Pour compléter ces arguments, voici quelques phrases intéressantes glanées sur la situation politique en France et ses implications sur l'économie et la finance :

  • Sur une éventuelle sanction des agences de notation : "Nous pensons que les agences de notation et la CE vont attendre qu'il soit clair qu'aucun gouvernement français n'adoptera un budget austère pour 2025 avant de devenir plus négatifs sur les perspectives budgétaires de la France" (Barclays).

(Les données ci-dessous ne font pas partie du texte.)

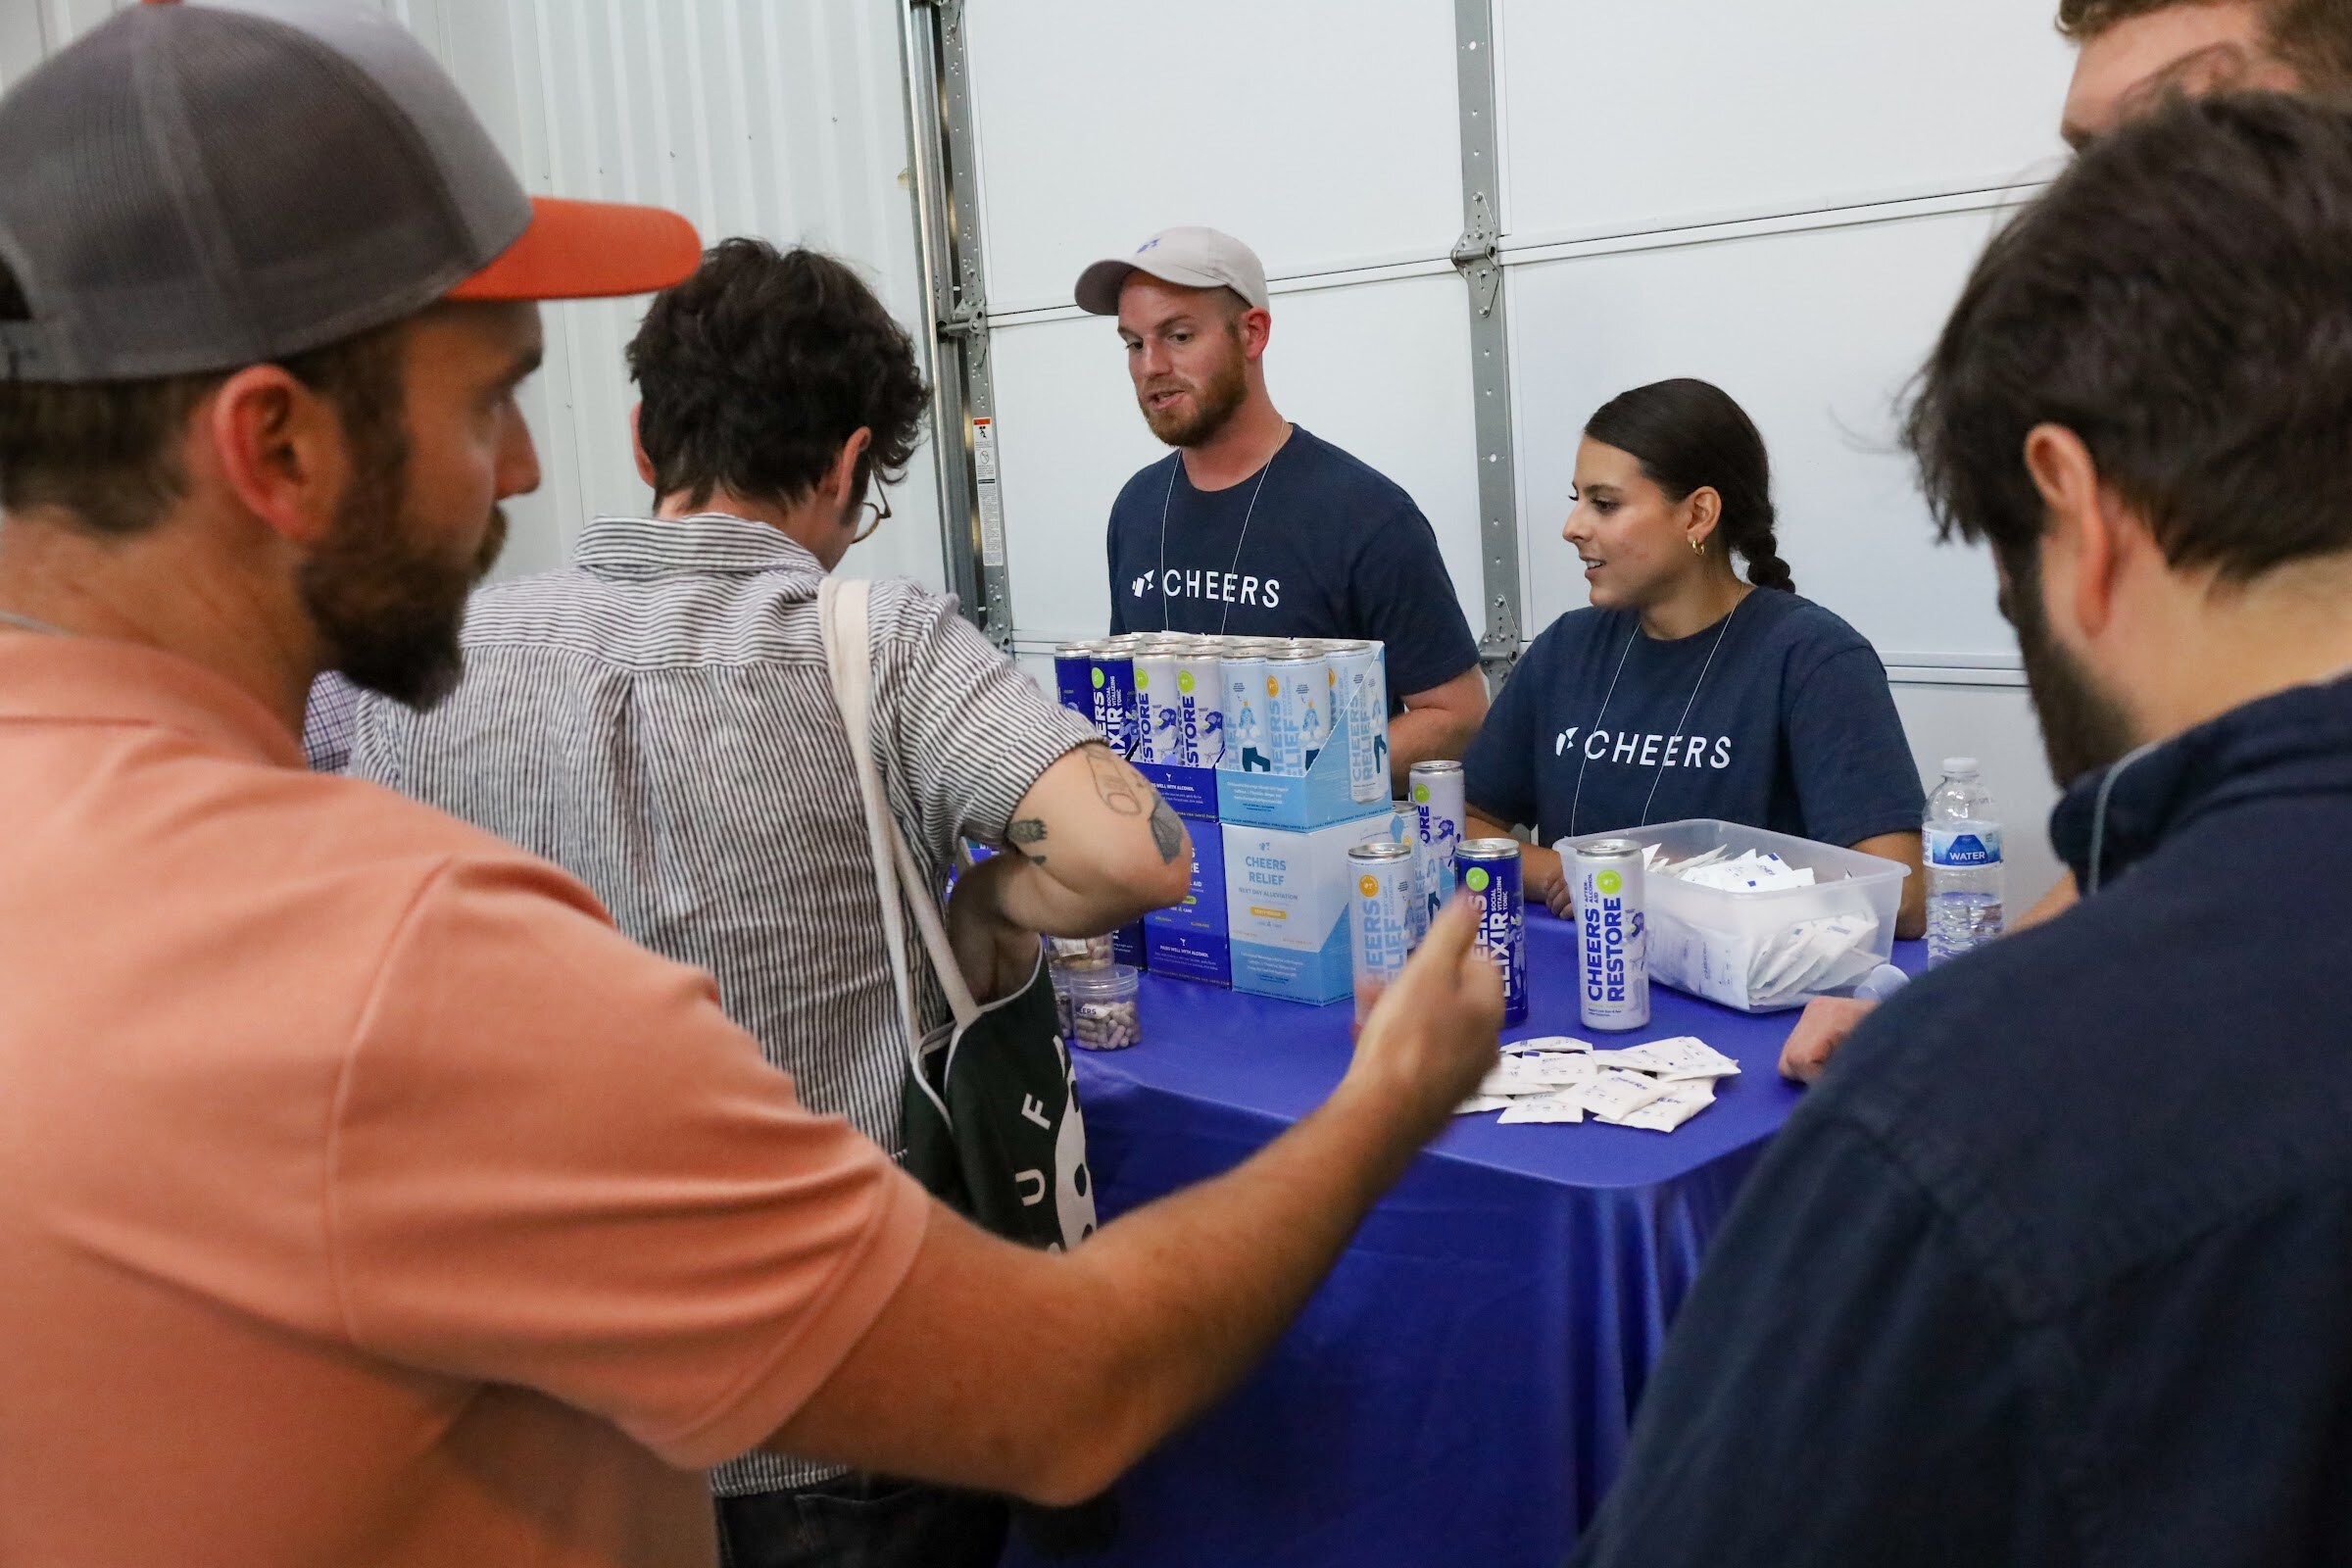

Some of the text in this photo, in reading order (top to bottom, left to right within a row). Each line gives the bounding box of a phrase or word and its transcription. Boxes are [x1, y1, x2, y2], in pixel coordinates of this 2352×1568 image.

[1163, 568, 1280, 609] CHEERS
[1139, 693, 1153, 763] STORE
[1183, 696, 1200, 768] STORE
[1585, 730, 1732, 769] CHEERS
[1245, 856, 1287, 871] CHEERS
[1949, 851, 1985, 860] WATER
[1249, 871, 1285, 886] RELIEF
[1585, 907, 1603, 1002] CHEERS
[1603, 897, 1625, 1003] RESTORE
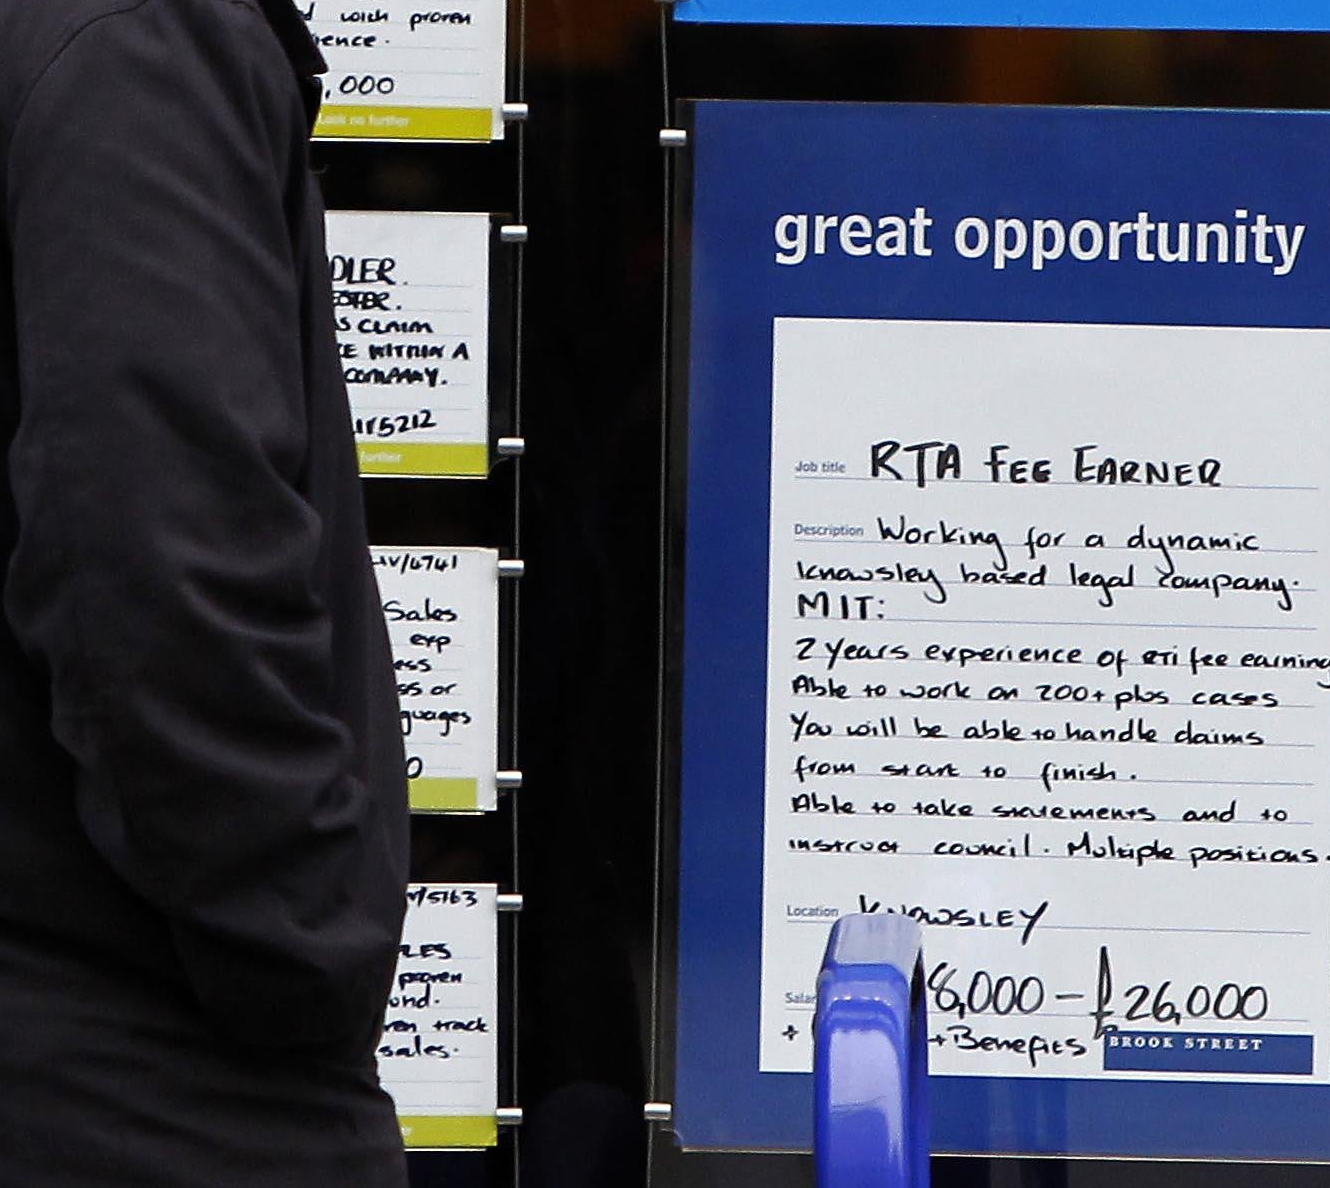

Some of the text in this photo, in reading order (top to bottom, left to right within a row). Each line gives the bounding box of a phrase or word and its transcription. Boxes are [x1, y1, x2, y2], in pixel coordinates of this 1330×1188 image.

  • Sur la peur suscitée par la situation française : "Nous avons constaté une certaine complaisance à l'approche des négociations budgétaires françaises, mais nous pensons que le marché est aujourd'hui correctement évalué. Les investisseurs semblent avoir une bien meilleure compréhension de la complexité du processus budgétaire et des mesures de sauvegarde visant à éviter un shutdown à l'américaine" (UBS).
  • Sur le calme qui règne sur le marché de la dette depuis la censure : "Ce calme sur les marchés peut aussi s’expliquer par le fait que l’Etat français devrait continuer à fonctionner normalement. En effet, malgré l’absence de budget pour 2025, la loi organique relative aux lois de finances (LOLF) permet au Parlement de voter une loi spéciale permettant à l’Etat de continuer à collecter l’impôt et les taxes, ce qui lui permettra de faire face à ses obligations. Une telle loi, devrait être a priori votée par tous les partis politiques afin de prolonger l’action de l’Etat" (LBPAM).
  • Sur les spreads européens : "En ce qui concerne les valorisations obligataires, les spreads français étant désormais équivalents à ceux de la Grèce et nettement supérieurs à ceux de l'Espagne, nous pensons qu'il convient de remettre en question l'idée reçue selon laquelle la France est meilleure que l'Italie au niveau crédit. Dans le cas de cette dernière, les niveaux d'endettement sont élevés depuis très longtemps, mais une attitude responsable à l'égard des finances du pays a permis d'atteindre une balance primaire relativement équilibrée au cours des dernières années. La France part de beaucoup plus loin, mais elle rattrape l'Italie assez rapidement" (BlueBay).
  • Sur le spread franco-allemand : "Il nous semble que la prime existante vis-à-vis de l’Allemagne devrait rester forte et nous pousse à la prudence sur la dette française. Néanmoins, même si on sait que le marché peut exagérer, il nous semble qu’une montée encore plus marquée de cette prime n’est pas forcément le scénario le plus probable, à moins que le dérapage budgétaire s’accentue bien plus et/ou qu’un conflit puisse émerger avec les partenaires européens de la France et avec la Commission sur la trajectoire budgétaire" (LBPAM).
  • Sur le risque de propagation : "Nous ne prévoyons pas que le désordre français déclenche une crise de confiance dans l’euro similaire à celle de 2010-2012. La France compte et l’Europe a tiré les leçons du Brexit. Même Le Pen ne veut plus quitter l’euro. Si nécessaire, la BCE pourrait intervenir pour prévenir tout risque de contagion à d’autres pays" (Banque Richelieu).
  • Sur les bourses continentales : "La place boursière parisienne pourrait ne pas être tellement touchée par l’instabilité politique et les difficultés économiques rencontrées par la France. C'est d'ailleurs aussi le cas pour le DAX40 en Allemagne, alors que la situation politique et économique n'est pas beaucoup plus florissante outre-Rhin. En réalité, une majorité d’investisseurs pourraient parier sur le fait que cette instabilité des deux côtés de la frontière va contraindre la Banque Centrale Européenne à poursuivre sa baisse des taux afin de préserver l’euro. Le levier serait donc davantage monétaire que politique" (Norman K.).
  • Sur le "coup d'après" 1/2 : "Une nouvelle dissolution à l’été 2025 est probable, perturbant une nouvelle fois le processus budgétaire. Cette incertitude a déjà posé sa marque sur le moral des entreprises et des ménages, conduisant à suspendre ou différer des décisions d’investissement ou d’embauche. Cela pèse sur l’activité. L’économie risque la récession" (Oddo BHF).
  • Sur le "coup d'après" 2/2 : "Mme Le Pen peut attendre son heure, en attendant de pousser à de nouvelles élections parlementaires en juillet de l'année prochaine. A court terme, cela signifie que la France reste un pays dont le crédit se détériore structurellement" (RBC BlueBay).